From The New York Times
By Alex Williams
FOR Whitney Hess, a 25-year-old software designer in Manhattan, the tension that ultimately ended her recent relationships was all right there, in the digits on her pay stub.
The awkwardness started with nights out. She would want to try the latest downtown bistro, but her boyfriends, who worked in creative jobs that paid less than hers, preferred diners.
They would say, “Wow, you’re so sophisticated,” she recalled. A first look at her apartment, a smartly appointed studio in a full-service building in TriBeCa, would only reinforce the impression. “They wouldn’t want me to see their apartments,” she said, because they lived in cramped surroundings in distant quadrants of Brooklyn or the Bronx.
One of them, she said, finally just came out and said it. “Look,” Ms.
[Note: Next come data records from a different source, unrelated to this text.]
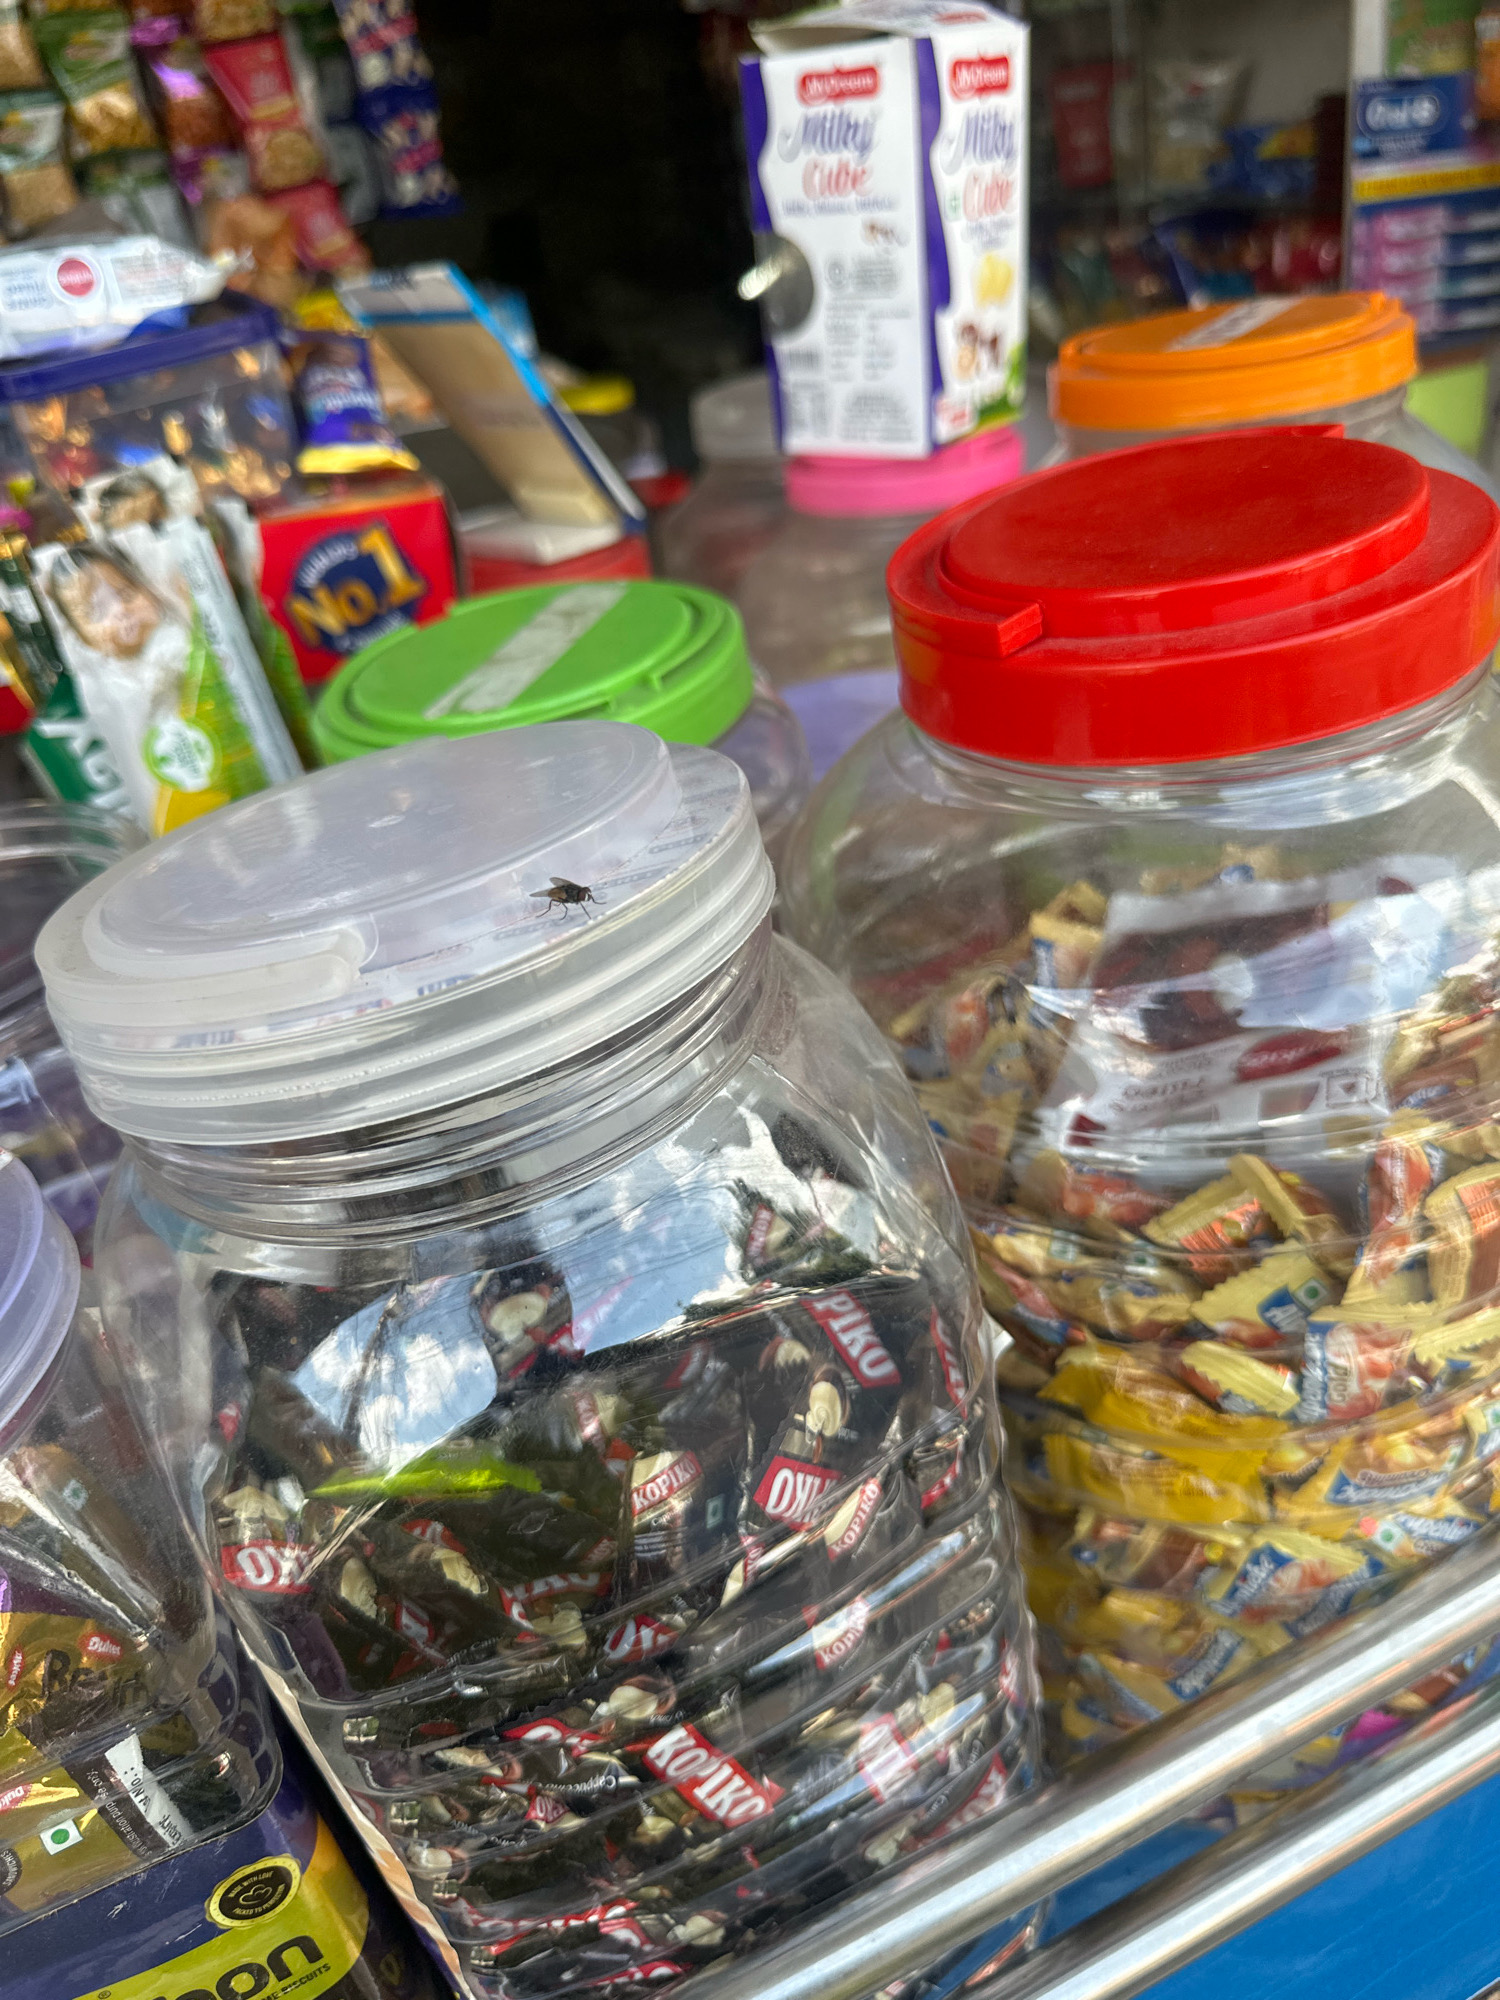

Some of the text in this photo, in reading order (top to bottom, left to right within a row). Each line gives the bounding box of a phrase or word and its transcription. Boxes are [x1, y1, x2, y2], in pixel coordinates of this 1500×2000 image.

[635, 1457, 698, 1512] KOPIKO
[830, 1483, 880, 1554] KOPIKO
[647, 1726, 766, 1820] KOPIKO
[97, 1787, 121, 1820] purpse
[280, 1962, 332, 1993] BISCUITS
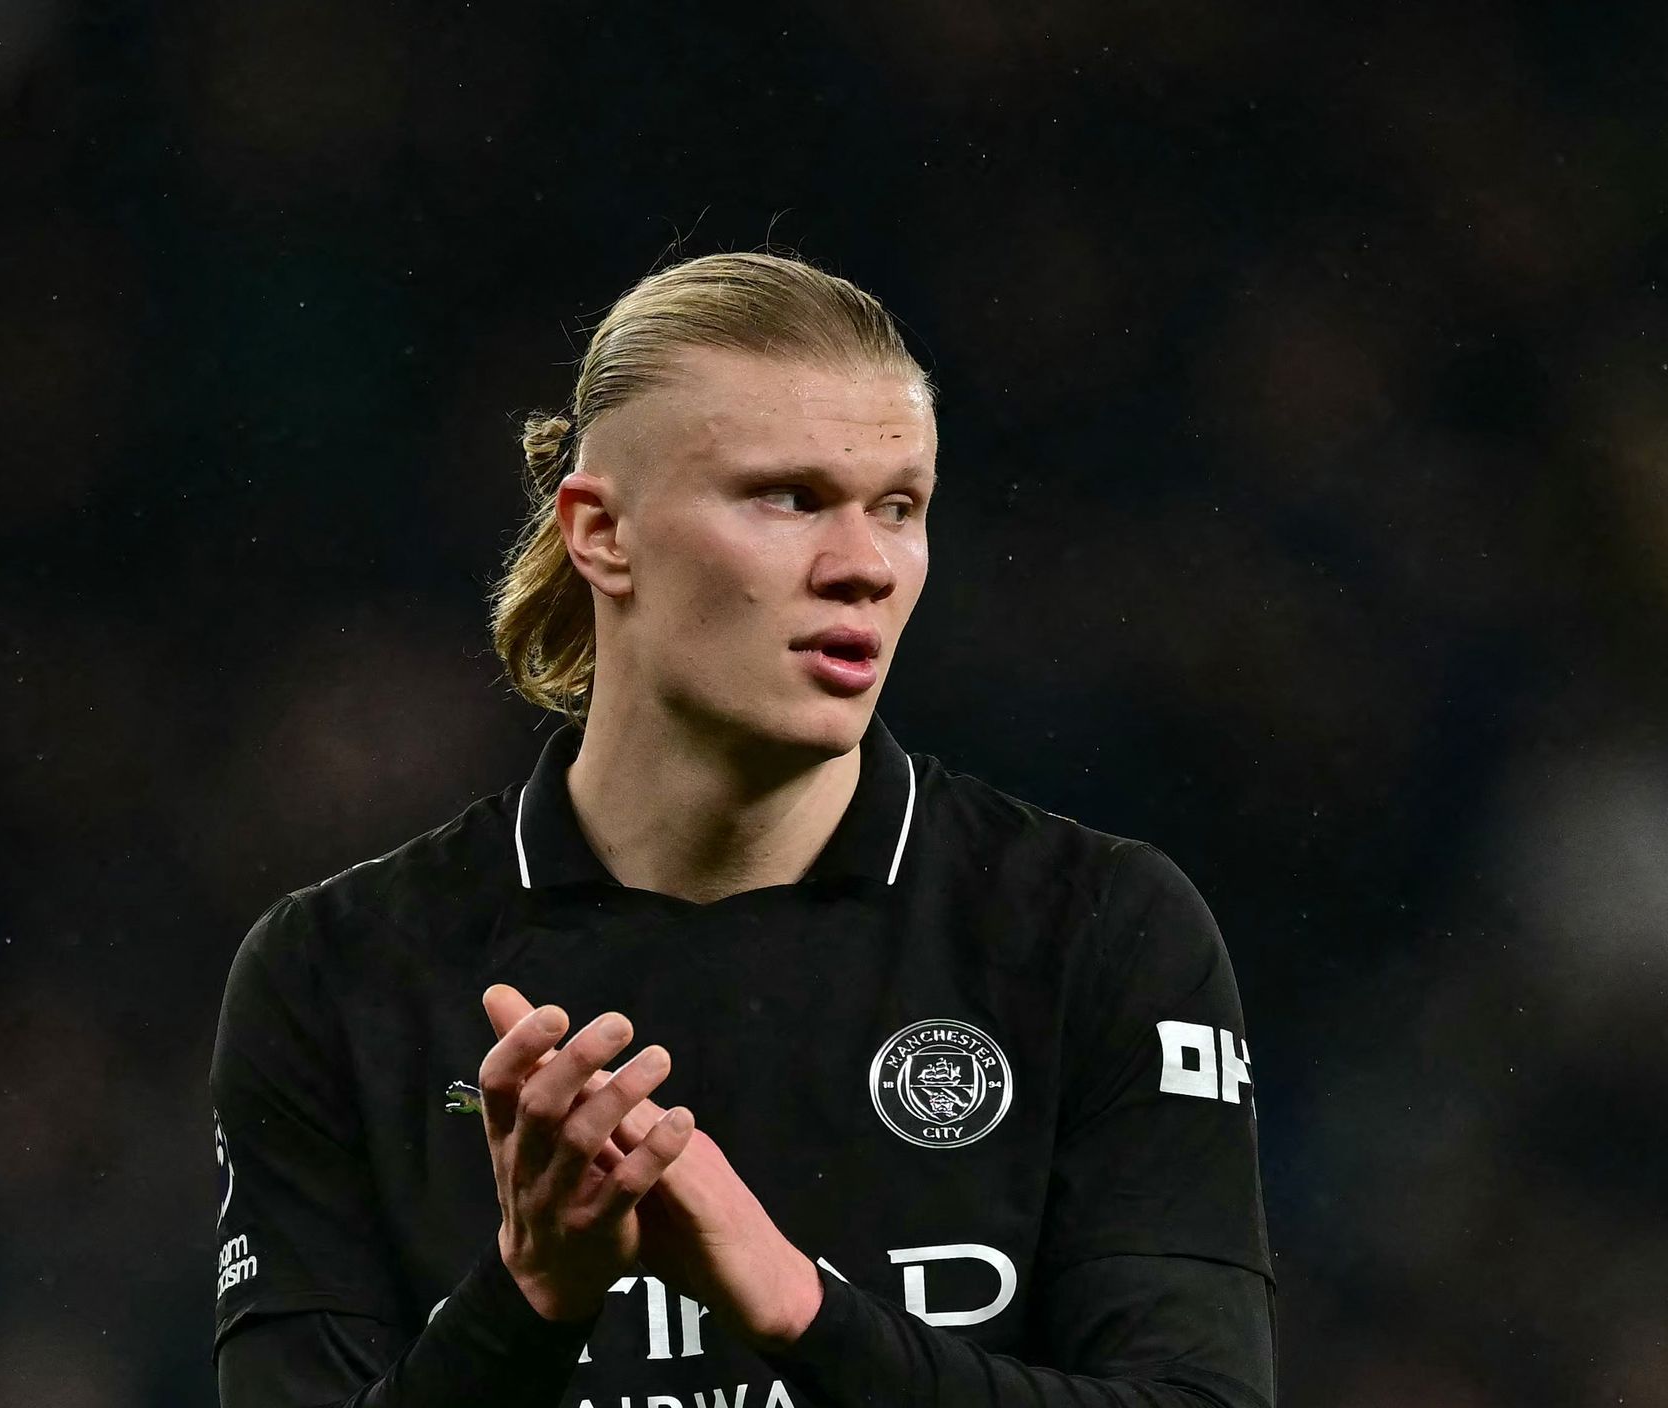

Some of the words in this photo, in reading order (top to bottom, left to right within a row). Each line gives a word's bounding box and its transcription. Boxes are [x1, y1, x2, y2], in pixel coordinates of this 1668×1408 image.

[885, 1029, 997, 1069] MANCHESTER
[882, 1080, 895, 1089] 18
[988, 1080, 1002, 1089] 94
[922, 1126, 964, 1139] CITY
Hess recalled him saying, “it makes me really uncomfortable that you make more money than me. I’m going to put that out on the table and try to get over it.”
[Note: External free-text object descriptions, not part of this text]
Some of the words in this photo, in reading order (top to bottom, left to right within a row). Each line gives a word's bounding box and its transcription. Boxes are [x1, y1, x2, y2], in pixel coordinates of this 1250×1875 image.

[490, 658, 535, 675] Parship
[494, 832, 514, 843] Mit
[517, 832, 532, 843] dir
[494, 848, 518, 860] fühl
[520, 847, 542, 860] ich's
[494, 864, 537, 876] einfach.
Yes, money equals power. Great. And yes, it may be outside of the cultural norm for the lady to bring home the bacon. But it’s not emasculating. She didn’t beat you in arm-wrestling in front of your college roommate. And she only figuratively has your balls in her purse and that, by the way, is entirely your fault. Smart women have spent millennia being equal (or semi-equal) partners to powerful men. Everyone contributes in his/her own way. And just because her job is high paying, it doesn’t mean it’s rewarding. Those hand sculpted Elvis statuettes may not fetch much money but it’s sure easier to sleep at night than foreclosing on orphanages (or shooting Bambi’s mom). Even if her job is lucrative and pleasant (sign us up!), there are still trade-offs: long hours, irregular schedule, gut-wrenching stress, et cetera. So buck up, enjoy the gravy train and figure out some way to make your contribution equal. If need be, read Little Children, but we cannot advise that you have an affair. That would be irresponsible on our part. And you could get Hep.